Task:
The entries are to be returned exactly, with images left out.

((

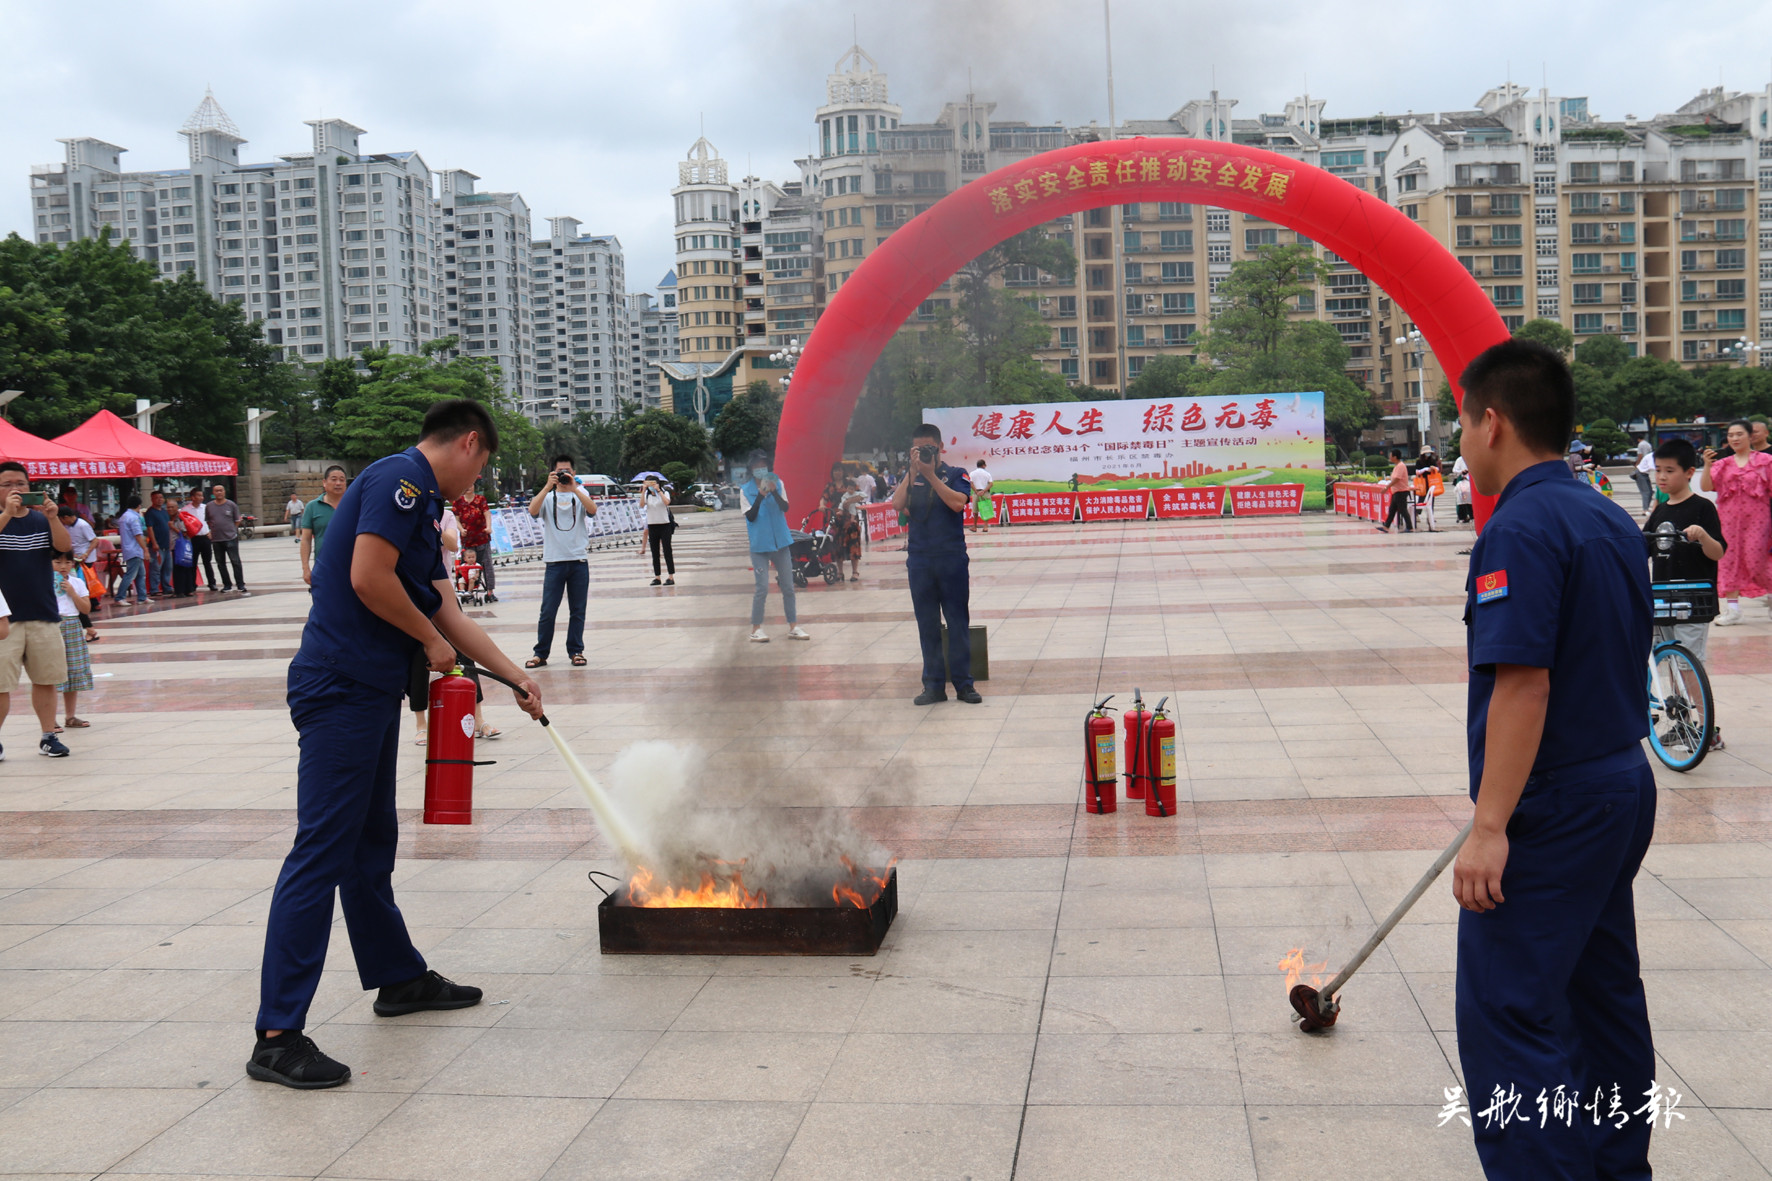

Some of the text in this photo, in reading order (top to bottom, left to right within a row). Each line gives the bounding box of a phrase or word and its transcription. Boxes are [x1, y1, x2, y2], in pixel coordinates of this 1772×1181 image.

[988, 155, 1290, 214] 落实安全责任推动安全发展
[971, 398, 1278, 440] 健康人生 绿色无毒
[1236, 489, 1297, 499] 健康人生 绿色无毒
[1085, 495, 1143, 505] 大力消除毒品危害
[1236, 499, 1297, 509] 拒绝毒品 珍爱生命
[1085, 504, 1143, 514] 保护人民身心健康
[1162, 501, 1216, 511] 共筑禁毒长城
[1012, 507, 1041, 516] 远离毒品
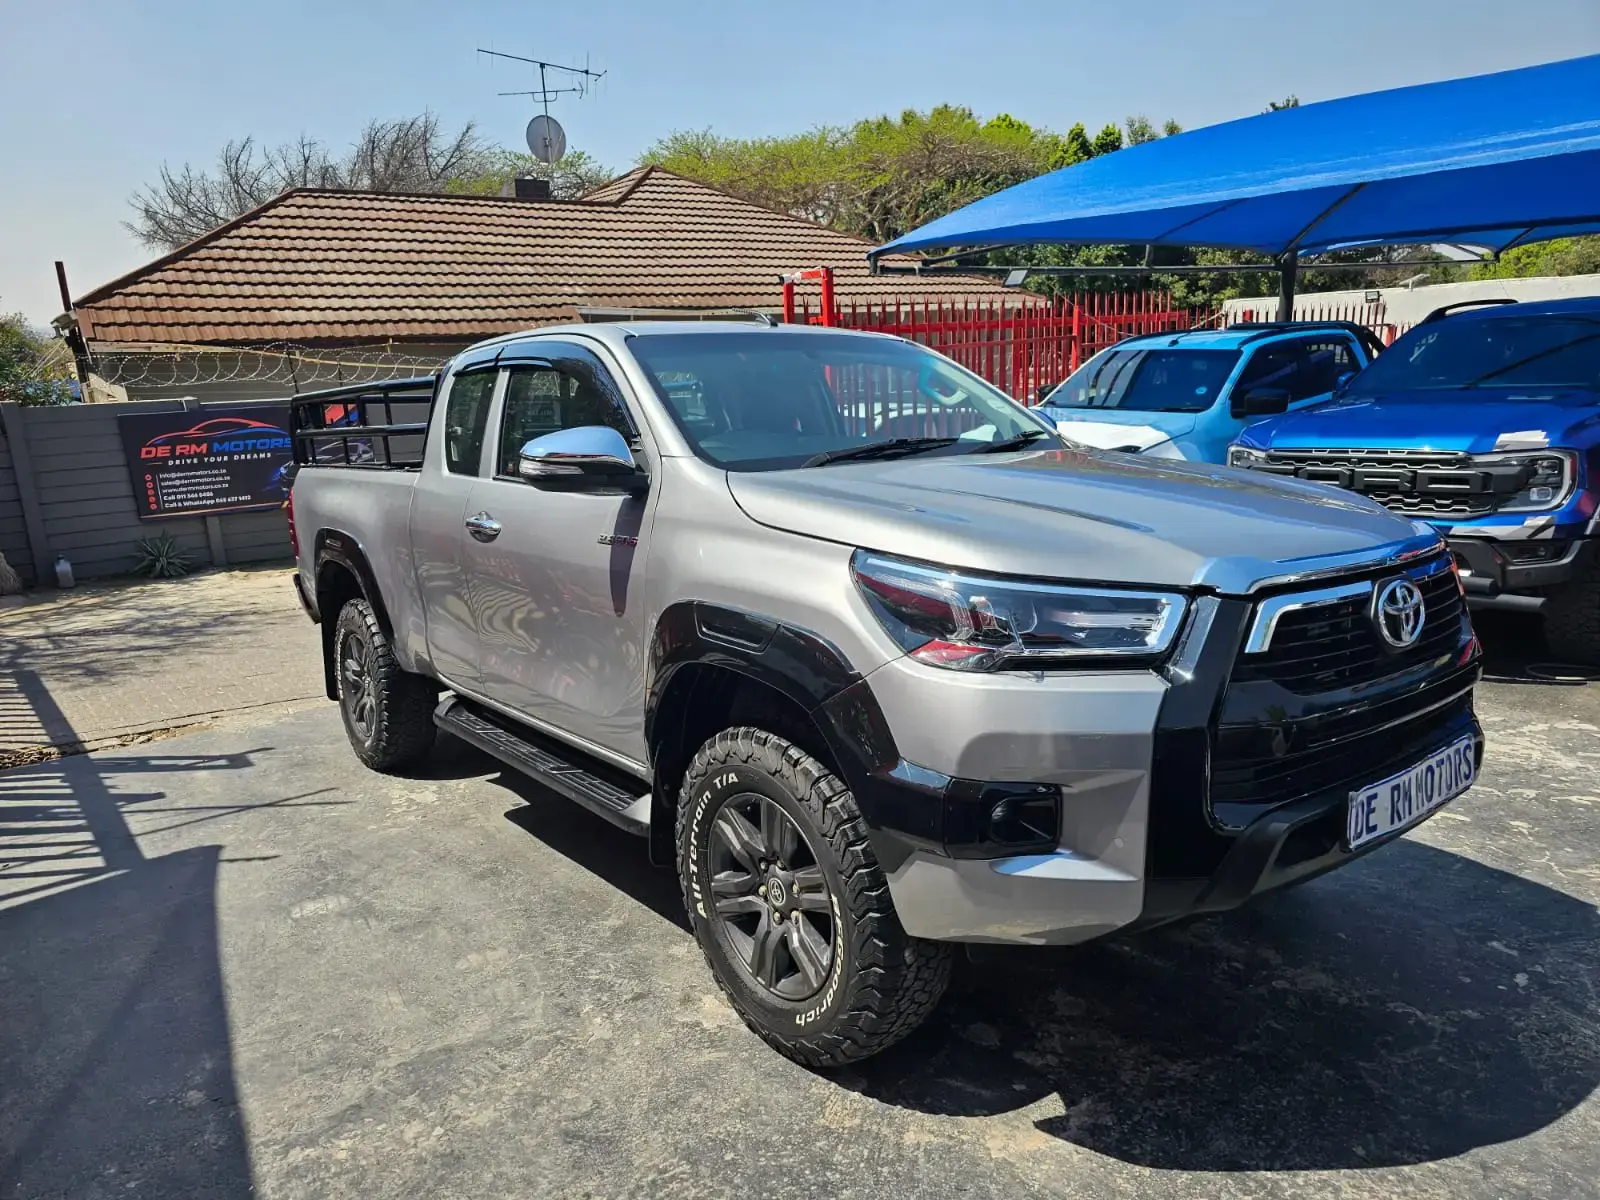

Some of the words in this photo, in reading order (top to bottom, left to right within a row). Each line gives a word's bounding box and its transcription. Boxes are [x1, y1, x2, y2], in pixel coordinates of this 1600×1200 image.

[141, 445, 171, 459] DE
[175, 443, 207, 456] RM
[212, 438, 292, 453] MOTORS
[168, 457, 198, 466] DRIVE
[204, 455, 228, 463] YOUR
[234, 452, 272, 461] DREAMS
[163, 493, 176, 501] Call
[183, 499, 215, 508] WhatsApp
[1352, 792, 1378, 842] DE
[1415, 743, 1473, 812] MOTORS
[689, 790, 712, 919] All-Terrain
[713, 772, 739, 790] T/A
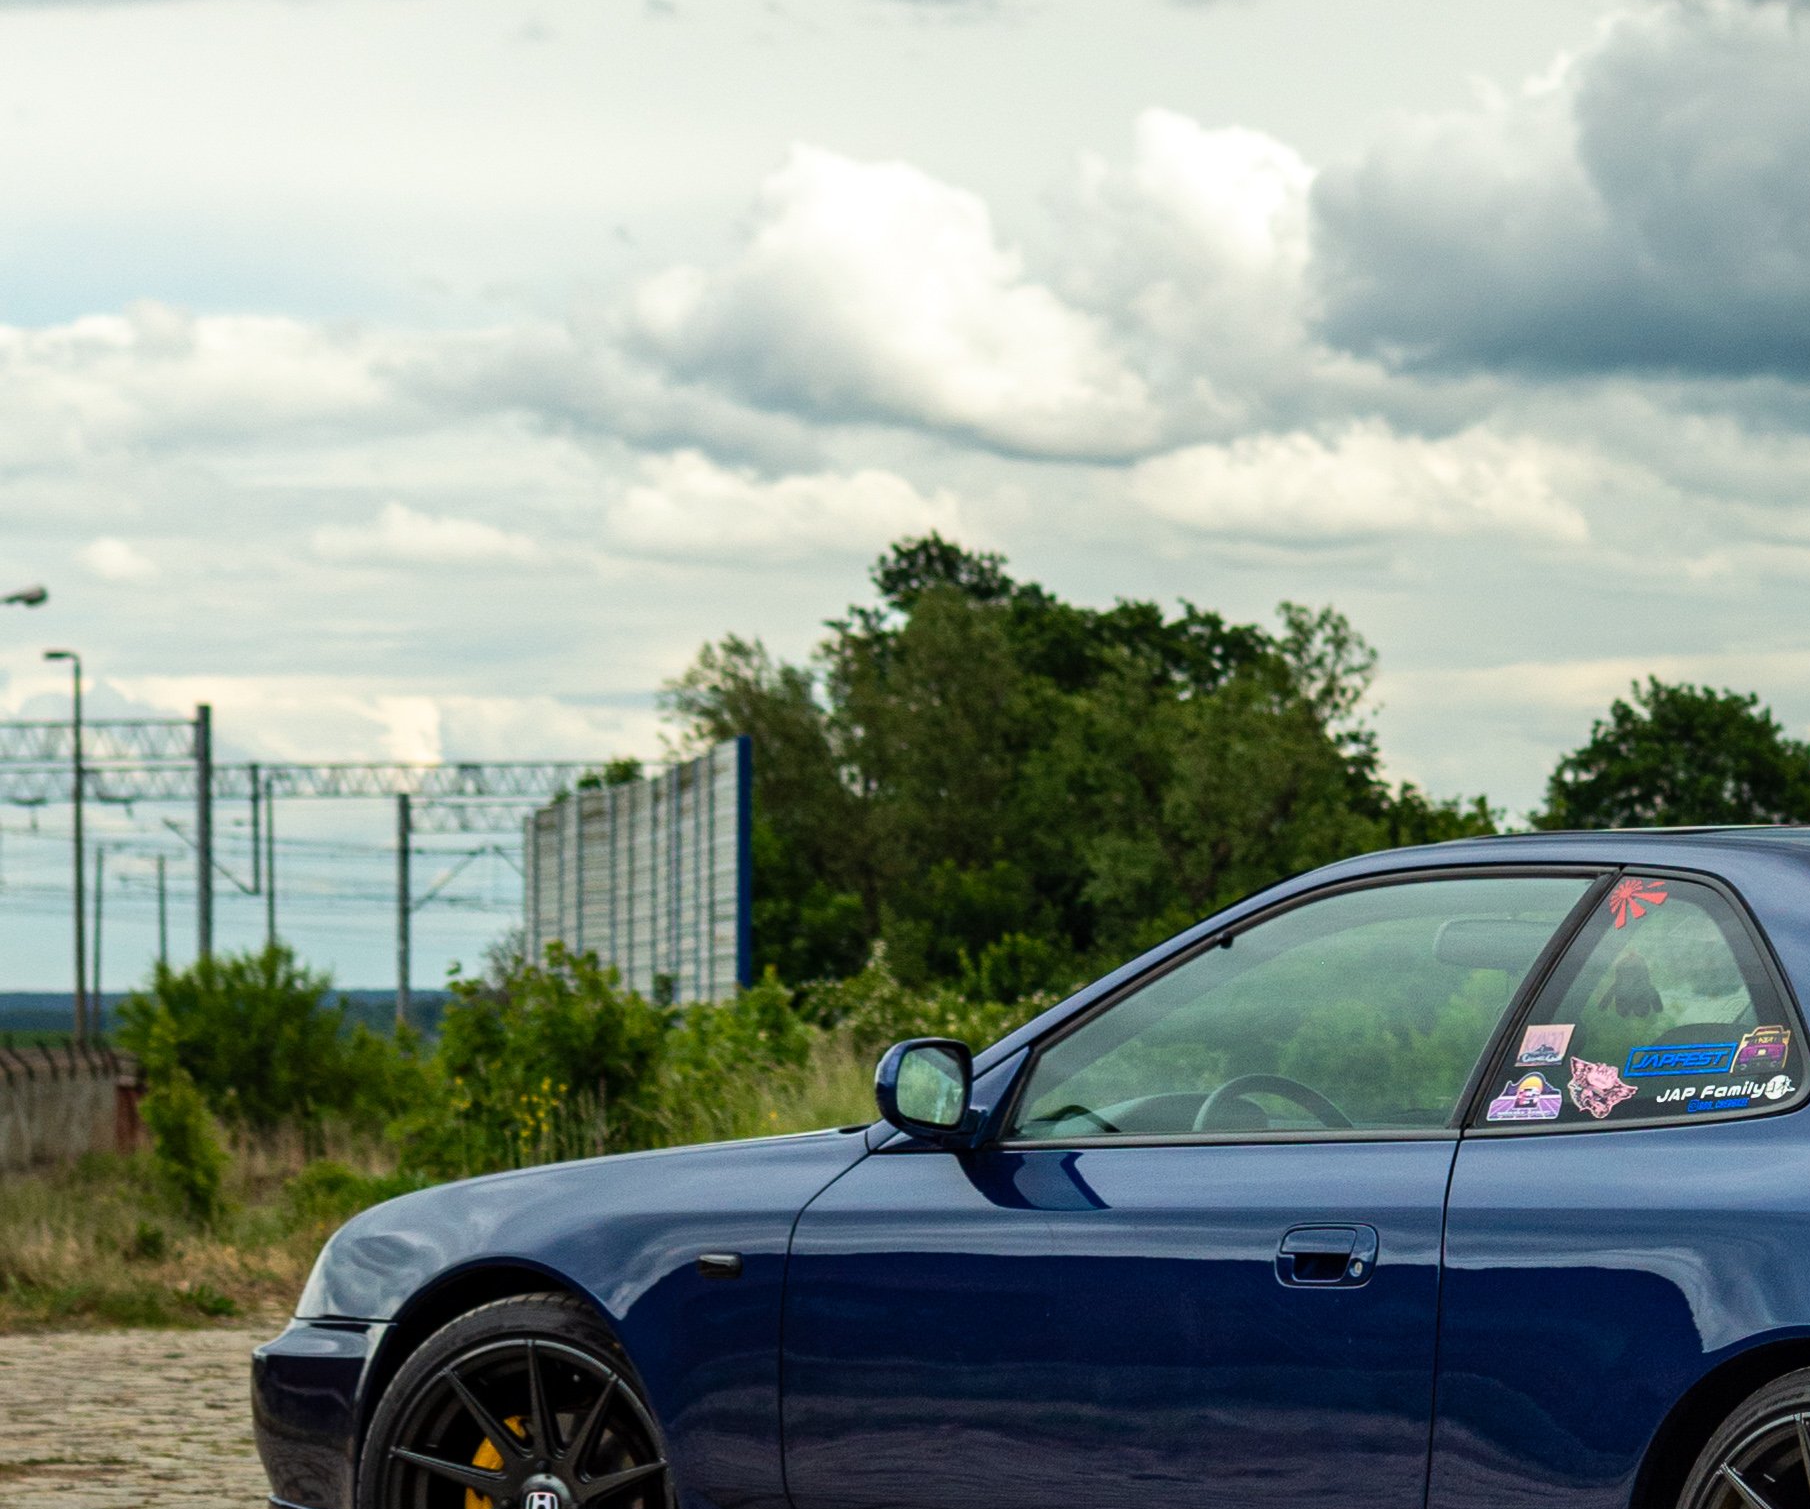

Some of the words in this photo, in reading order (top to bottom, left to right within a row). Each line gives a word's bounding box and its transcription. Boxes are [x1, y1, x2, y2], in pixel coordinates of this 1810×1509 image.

[1632, 1050, 1729, 1069] JAPFEST
[1656, 1087, 1697, 1103] JAP
[1700, 1080, 1766, 1100] Family

))

Expected answer:
Some of the text in this photo, in reading order (top to bottom, left to right within a row). Each line gives the bounding box of a phrase or word and its transcription. Boxes are [x1, y1, x2, y2], in pixel coordinates of this 1772×1181 image.

[988, 155, 1290, 214] 落实安全责任推动安全发展
[971, 398, 1278, 440] 健康人生 绿色无毒
[1236, 489, 1297, 499] 健康人生 绿色无毒
[1085, 495, 1143, 505] 大力消除毒品危害
[1236, 499, 1297, 509] 拒绝毒品 珍爱生命
[1085, 504, 1143, 514] 保护人民身心健康
[1162, 501, 1216, 511] 共筑禁毒长城
[1012, 507, 1041, 516] 远离毒品

Some of the words in this photo, in reading order (top to bottom, left to right within a row). Each line gives a word's bounding box and its transcription. Boxes are [x1, y1, x2, y2], in pixel coordinates of this 1600×1200 image.

[141, 445, 171, 459] DE
[175, 443, 207, 456] RM
[212, 438, 292, 453] MOTORS
[168, 457, 198, 466] DRIVE
[204, 455, 228, 463] YOUR
[234, 452, 272, 461] DREAMS
[163, 493, 176, 501] Call
[183, 499, 215, 508] WhatsApp
[1352, 792, 1378, 842] DE
[1415, 743, 1473, 812] MOTORS
[689, 790, 712, 919] All-Terrain
[713, 772, 739, 790] T/A

Some of the words in this photo, in reading order (top to bottom, left to right within a row). Each line gives a word's bounding box and its transcription. Boxes are [x1, y1, x2, y2], in pixel coordinates of this 1810×1509 image.

[1632, 1050, 1729, 1069] JAPFEST
[1656, 1087, 1697, 1103] JAP
[1700, 1080, 1766, 1100] Family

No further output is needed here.